I have a very large dataset which is a single npy file that contains around 1.5m elements each a 150x150x3 image. The output has 51 columns (51 outputs). Since the dataset can't fit into memory, How do I load it and use it to fit the model? An efficient way is using TFRecords and tf.data but I couldn't understand how to do this. I would appreciate the help. Thank you.
-
What does I couldn’t understand how to do this mean? Can you share your attempts?AMC– AMC2019-12-05 20:47:04 +00:00Commented Dec 5, 2019 at 20:47
-
@AlexanderCécile yeah sure, the idea is to convert the large dataset into a TensorFlow compatible format, TFRecord, and then use the tf.data API to read this tfrecord file to feed it to the neural network. I tried various approaches but failed to do itAmin Marshal– Amin Marshal2019-12-05 21:11:25 +00:00Commented Dec 5, 2019 at 21:11
1 Answer
One way is to load your NPY file fragment by fragment ( to feed your neural network with) and not to load it into the memory at once.

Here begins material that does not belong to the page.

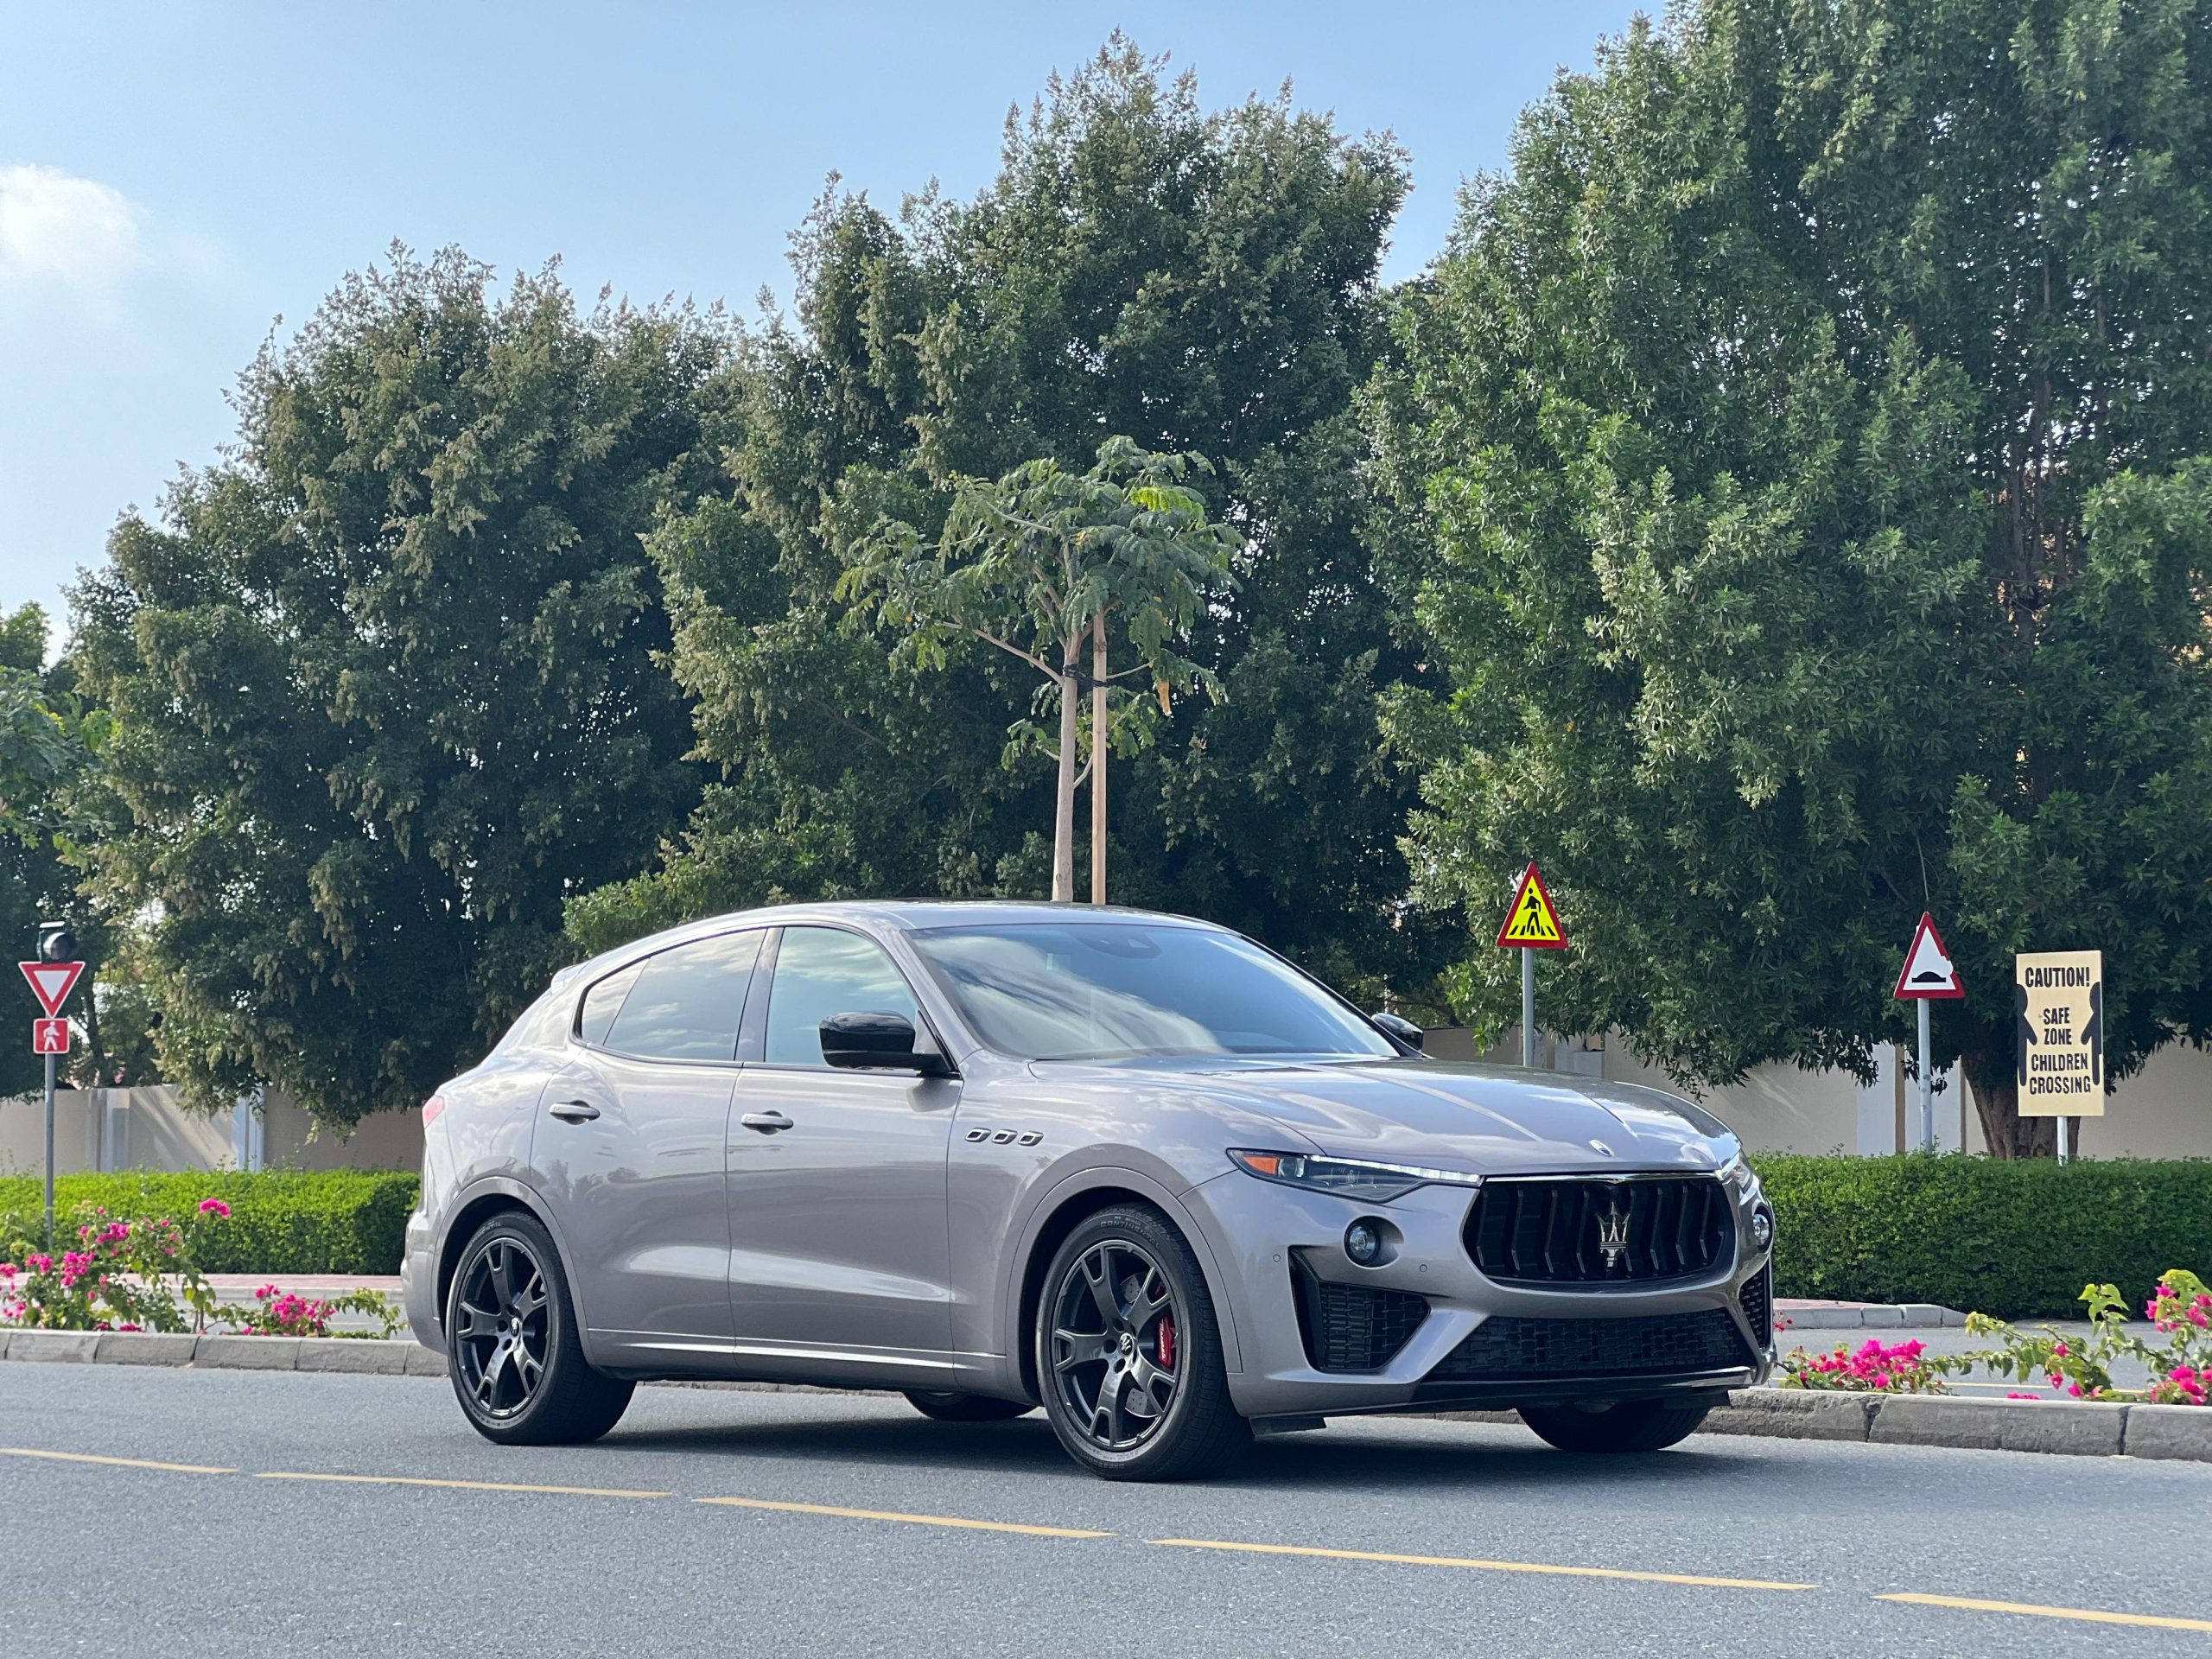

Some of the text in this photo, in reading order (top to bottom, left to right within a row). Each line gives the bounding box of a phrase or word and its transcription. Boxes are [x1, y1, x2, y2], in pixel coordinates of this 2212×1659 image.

You can use numpy.load as normal and specify the mmap_mode keyword so that the array is kept on disk, and only necessary bits are loaded into memory upon access (more details here)
numpy.load(file, mmap_mode=None, allow_pickle=False, fix_imports=True, encoding='ASCII')
Memory-mapped files are used for accessing small segments of large files on disk, without reading the entire file into memory. NumPy’s memmap’s are array-like objects. This differs from Python’s mmap module, which uses file-like objects.
If you want to know how to create a tfrecords from a numpy array, and then read the tfrecords using the Dataset API, this link provides a good answer.